An verschiedenen Stellen seiner Begründung spricht sich das Berufungs-Teilurteil des näheren darüber aus, wie sich die Beteiligten - einerseits Frau K., deren geschäftliche Absichten und Handlungen unbedenklich der von ihr vertretenen und geleiteten Firma M. G. K.. zuzurechnen sind, anderseits die beklagte Ehefrau - in ihrem subjektiven Bewußtsein zu ihren Abmachungen verhielten. Daß Frau K., die zur Deckung eines kostspieligen Lebensaufwands und zum Schaden von Geldgebern und anderen Gläubigern einen groß angelegten Schwindel durchführen wollte und durchführte, mit den ihren Geldleistungen an die Beklagte zugrunde liegenden Abmachungen bewußt gegen die guten Sitten verstieß, kann nicht zweifelhaft sein. Auf seiten der beklagten Ehefrau stellt das Teilurteil ein gleiches Bewußtsein, insbesondere an der Hand der im einzelnen noch näher begründeten Erwägungen fest, wonach sie im Besitz einer ganz hervorragenden geschäftlichen Erfahrung und Sicherheit ist und in ihrer Geschäftsverbindung mit der Firma K. nur aus verwerflichstem Eigennutz und schlimmster Profitgier die Not des Krieges auf dem beschränkten Lebensmittelmarkt zum Nachteil der Heeresverwaltung und damit des ganzen deutschen Volkes hat ausbeuten wollen. Gegen diese Feststellung versucht die Revision vergeblich anzukämpfen." (Das wird näher dargelegt und sodann fortgefahren:)
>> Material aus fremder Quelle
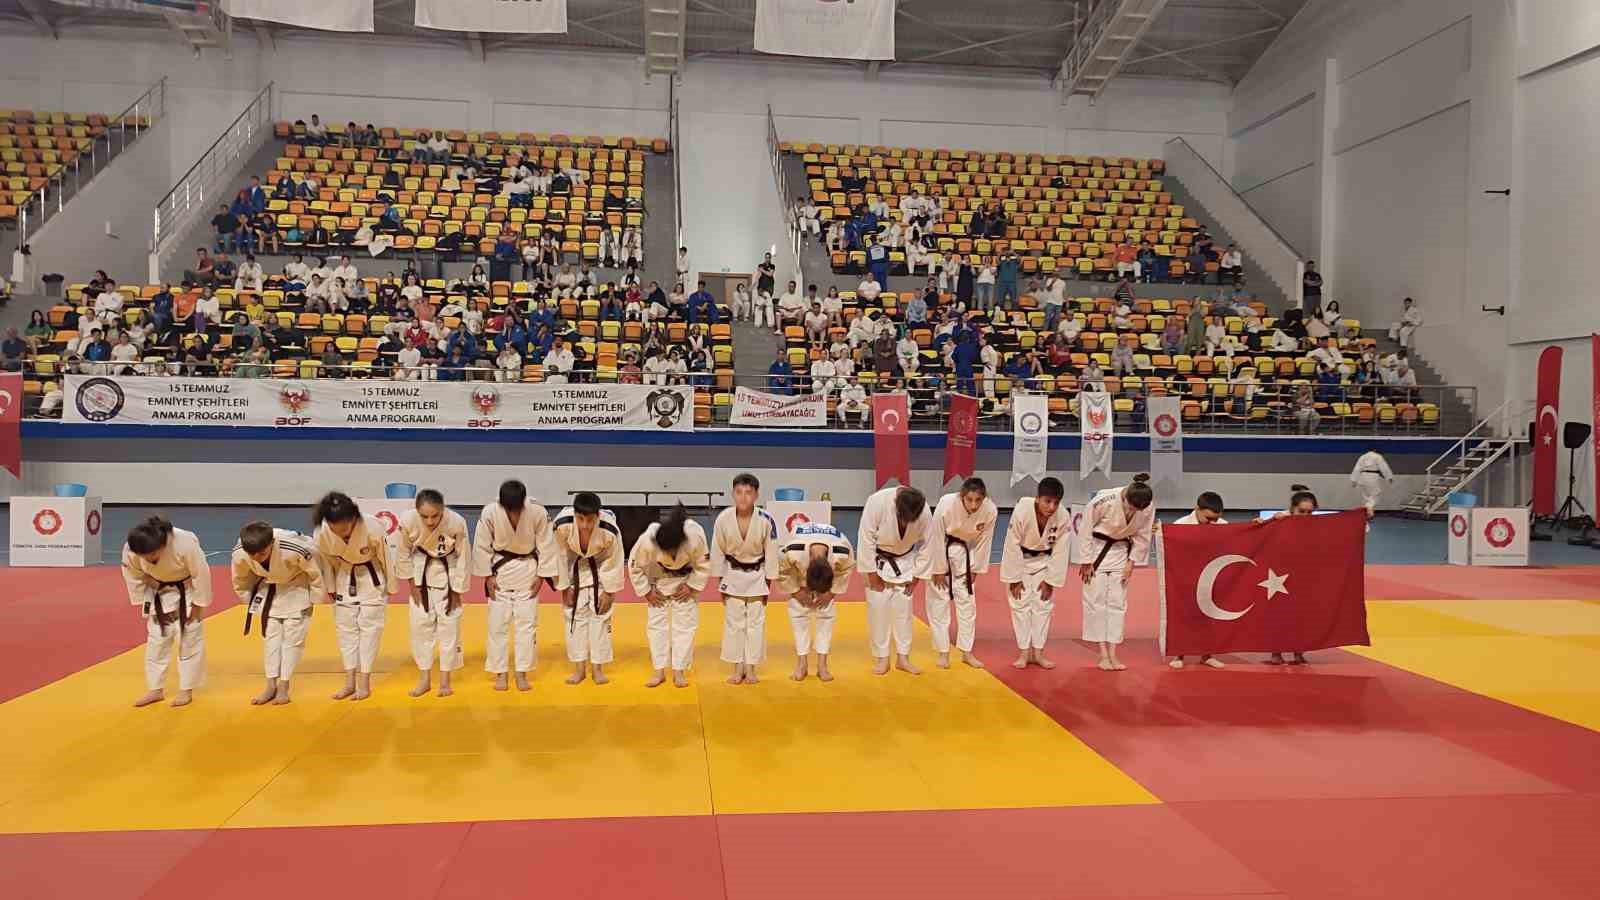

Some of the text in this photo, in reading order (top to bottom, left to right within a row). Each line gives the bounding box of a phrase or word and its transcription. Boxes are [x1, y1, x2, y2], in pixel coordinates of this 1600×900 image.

"Aus der Sittenwidrigkeit und Nichtigkeit (§ 138 BGB.) der vertraglichen Abreden ist zu folgern, daß an sich ein Anspruch auf Rückgewähr jener Leistungen in Höhe der Bereicherung der beklagten Ehefrau aus den §§ 812, 817 Satz 1 BGB. hergeleitet werden kann. Dem Anspruche steht nicht entgegen, daß die Leiterin und Vertreterin der genannten Firma gewußt hat. daß eine Rechtspflicht zur Zahlung der als Gewinn bezeichneten Zinsen nicht bestand. § 814 BGB. ist nur für das Gebiet der Rückforderungsfälle anwendbar, die der römisch-rechtlichen condictio indebiti entsprechen (RGZ. Bd. 71 S. 316, Bd. 97 S. 82). Eine Auffassung der vom Kläger erhobenen Bereicherungsklage als Kondiktion wegen Zahlung einer Nichtschuld würde aber die eigentliche Bedeutung der Klage nicht erschöpfen und nicht treffen. Diese entspricht im allgemeinen der condictio sine causa und insbesondere auch der condictio ob turpem causam des römischen Rechtes. Denn der Kläger macht geltend, daß die der Beklagten zugegangenen Leistungen insoweit, als er Rückerstattung fordert, eines rechtfertigenden Grundes ermangelten und auch der Empfängerin bekannt gewesen ist, daß es sich bei diesen Leistungen und ihrer Annahme wegen Sittenwidrigkeit des zugrunde liegenden Geschäfts um einen sittlich verwerflichen Zweck handelte. Auf solche Klage ist die Anwendung des § 814 nicht zu erstrecken.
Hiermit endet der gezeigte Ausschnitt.